In their day, those wonderful opportunities we now take for granted, were few and far between. Imagine the commitment required in those early decades to first track down recordings, find like-minds to play with and then to rise to a level of mastery, all in a far-off country with absolutely no bluegrass culture at all is in itself a major achievement. Wow, you’d have to love your Bluegrass. By comparison today we enjoy YouTube and the now endless source of online and pre-recorded tuition on CD and DVD’s and the many how to books.
Today, there is a new generation of Australian pickers, who are continuing the ongoing task of leading the Australian Bluegrass scene to ever greater heights and popularity, no doubt inspired by our forefathers.
Around the world the rate of participation is ever-increasing, festivals are growing in size and number and the future is looking strong for an art form that emerged from one man’s vision in the 1940′s. It is important for us who love bluegrass and old-time music to recognise the achievements of those Australian pioneers who paved the way for our enjoyment.

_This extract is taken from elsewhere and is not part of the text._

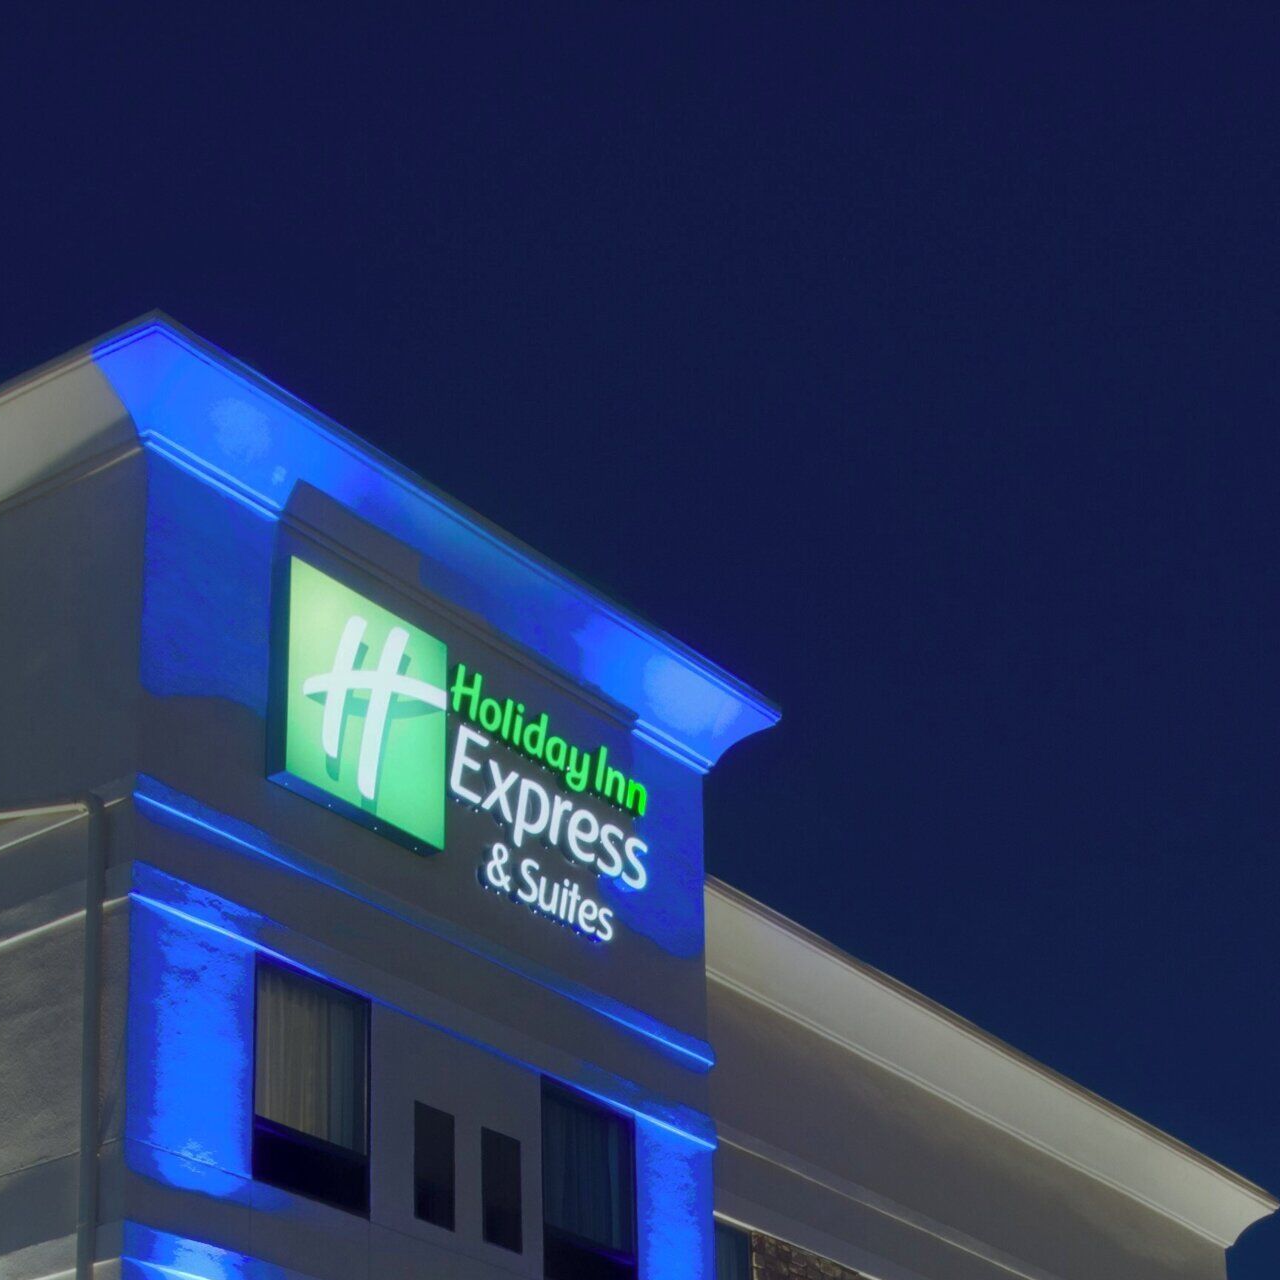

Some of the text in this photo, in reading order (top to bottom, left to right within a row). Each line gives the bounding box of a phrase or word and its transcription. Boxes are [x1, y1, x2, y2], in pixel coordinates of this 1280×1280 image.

[450, 724, 648, 890] Express
[451, 664, 647, 817] Holiday Inn
[486, 842, 614, 942] & Suites

As such, this page will be progressively updated to include more high-achieving contributors to the Australian picking scene.
Next time you catch one of them at a festival, after a concert spot or at a session, tip your hat, buy them a drink, and pay homage to someone who, not only opened the doors that you are now walking through, but made the welcome on the other side mighty warm. We owe these trailblazer’s a nod of gratitude.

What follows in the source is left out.